Почему я подумала тут именно о щетке, сама не знаю; только я поклясться готова, что подумала о щетке, а вовсе не о Мишке; и с ключом то же самое. Я бы на суде присягнула, что даже мысли о Мишке у меня во все время в голове не было; правду сказать — не до Мишки мне тогда было; это страшно неприятная, совершенно сумасшедшая вещь.
Милый, вы только не подумайте, будто я жеманюсь или рисуюсь — что говорю «неприятно», вместо «больно». Конечно, это называется по настоящему «больно», и то еще не то слово. Но вам никогда разве не приходило в голову, какое это противное, унизительное понятие — «боль»? Самое пассивное переживание на свете, рабское какое то: ты — ничего, тебя не спрашивают, над тобой кто то измывается. Я и родов больше всего из за этого не любила, из за обидности, из за надругательства. Хамом становишься от этого, скотиной без стыда, пусть все глазеют, пусть весь городишко слышит… не надо, милый, не расспрашивайте про это. Нехорошо было. Я к крану бросилась, но он не поворачивался; Каллиопа Стаматиевна что то кричала, я тоже… Нехорошо.

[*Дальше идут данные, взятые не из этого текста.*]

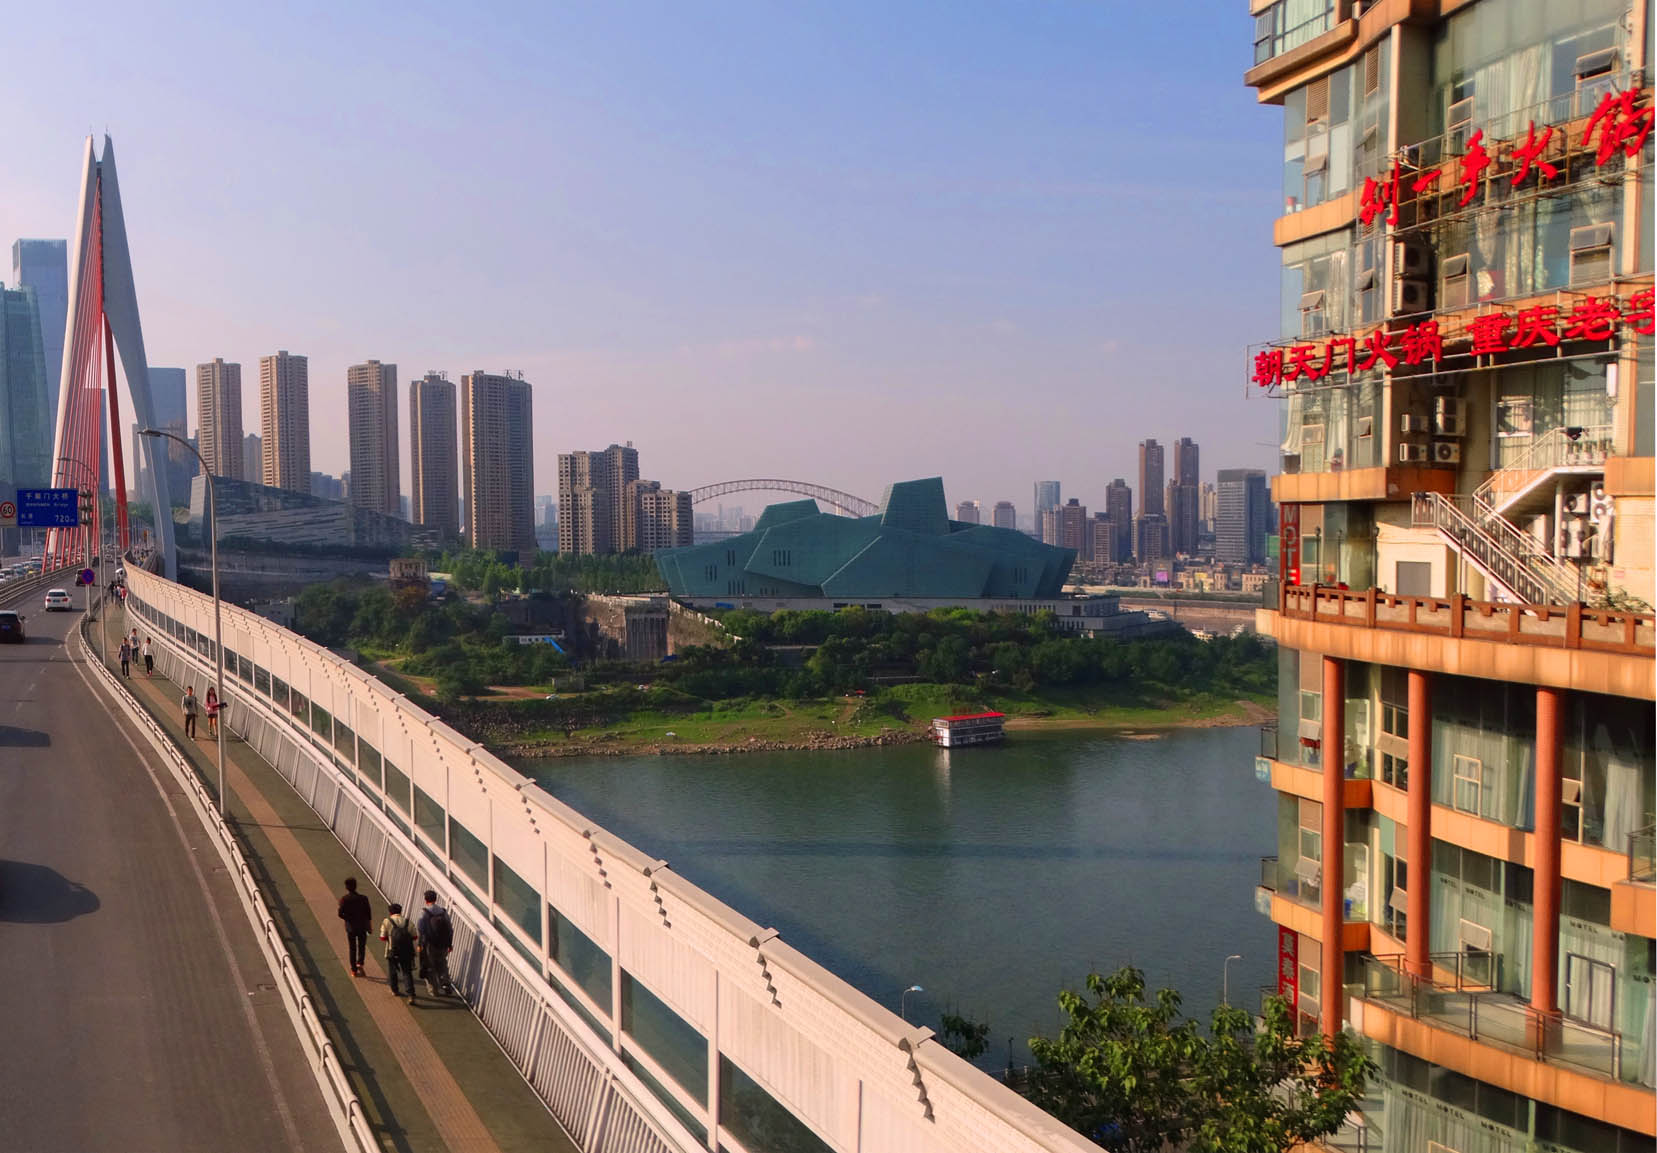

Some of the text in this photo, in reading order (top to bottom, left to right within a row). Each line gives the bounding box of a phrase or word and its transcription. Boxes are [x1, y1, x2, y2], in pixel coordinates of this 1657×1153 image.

Одно странно: как медленно догадывается человек, что случилось бесповоротное. Я думаю, так бывает, когда начинается у тебя злющая какая-нибудь болезнь — рак, что ли: «неужели именно у меня? Не может быть!». Уже давно знаешь, а не верится. Тут «медленно» не подходит — вероятно, и шестидесяти секунд не понадобилось Господу Богу на всю эту шутку с Марусей; а все-таки медленно. Уж космы у меня шипели, и уже всюду было — ну, «больно» — а я все еще, кажется, сама над собою хохоттала: точно борщом залила новое платье, стряхиваю капли и рассчитываю, что, может быть, еще удастся вычистить пятна кипятком и пойти в гости, и все сейчас станет по-прежнему — правда, все станет по-прежнему? Самойло, Мишка, мама, все ангелы небесные, скажите, что это ничего, это только так, сейчас все окажется по-прежнему…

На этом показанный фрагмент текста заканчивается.